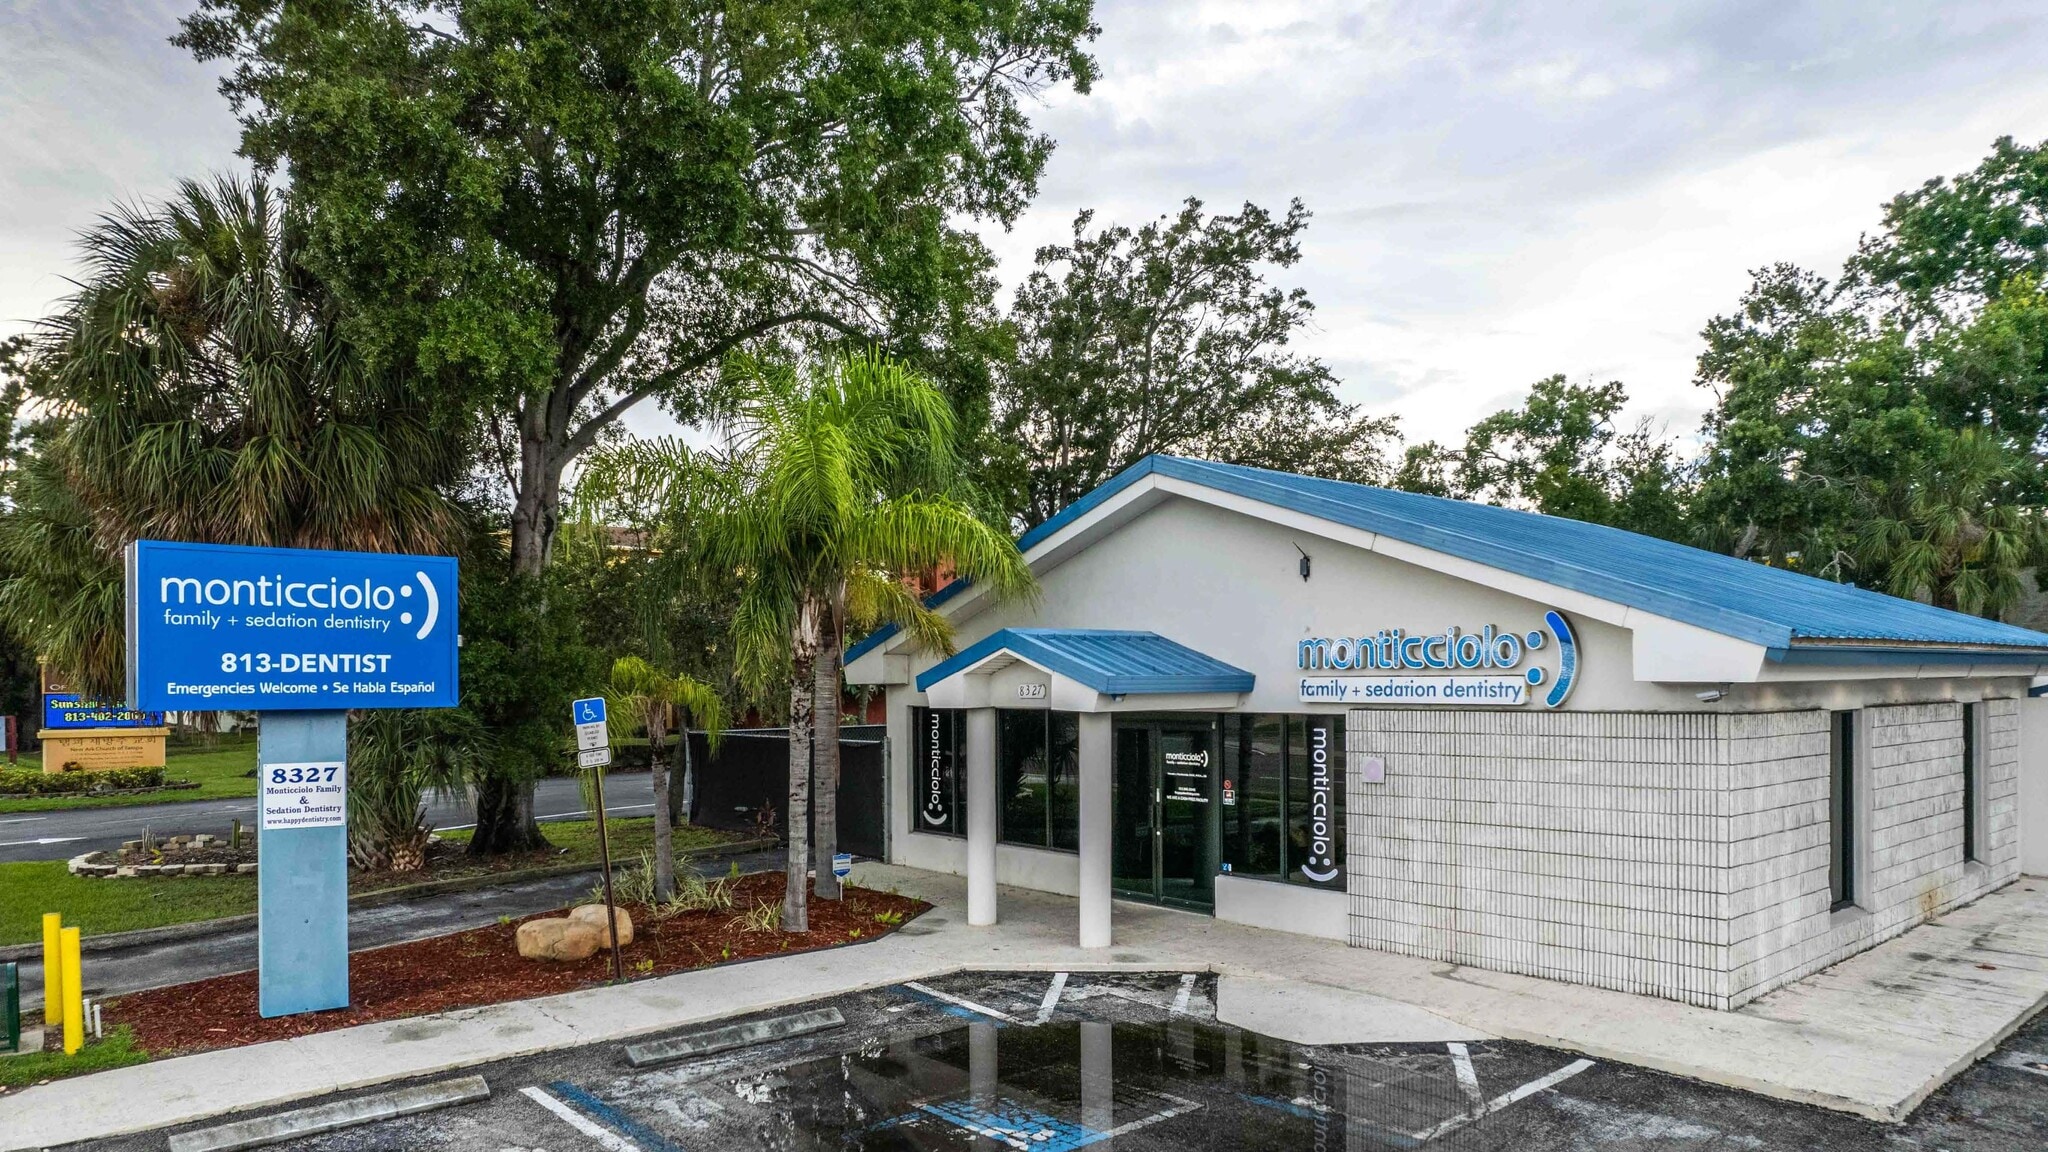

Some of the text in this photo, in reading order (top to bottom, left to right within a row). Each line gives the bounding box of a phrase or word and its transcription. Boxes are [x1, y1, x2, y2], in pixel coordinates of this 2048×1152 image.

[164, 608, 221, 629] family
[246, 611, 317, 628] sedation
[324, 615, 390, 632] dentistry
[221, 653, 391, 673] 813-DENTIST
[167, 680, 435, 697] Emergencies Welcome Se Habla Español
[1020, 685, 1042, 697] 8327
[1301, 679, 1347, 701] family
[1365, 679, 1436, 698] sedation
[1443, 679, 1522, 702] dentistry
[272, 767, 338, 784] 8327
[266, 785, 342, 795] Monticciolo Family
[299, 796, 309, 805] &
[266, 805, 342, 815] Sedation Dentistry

————

**TASK OBJECTIVE:** The records must be restated word for word, apart from any images.

**SOLUTION FOR THIS TASK:**
Some of the text in this photo, in reading order (top to bottom, left to right within a row). Each line gives the bounding box of a phrase or word and its transcription. Boxes are [x1, y1, x2, y2], in pixel coordinates of this 2048×1152 image.

[164, 608, 221, 629] family
[246, 611, 317, 628] sedation
[324, 615, 390, 632] dentistry
[221, 653, 391, 673] 813-DENTIST
[167, 680, 435, 697] Emergencies Welcome Se Habla Español
[1020, 685, 1042, 697] 8327
[1301, 679, 1347, 701] family
[1365, 679, 1436, 698] sedation
[1443, 679, 1522, 702] dentistry
[272, 767, 338, 784] 8327
[266, 785, 342, 795] Monticciolo Family
[299, 796, 309, 805] &
[266, 805, 342, 815] Sedation Dentistry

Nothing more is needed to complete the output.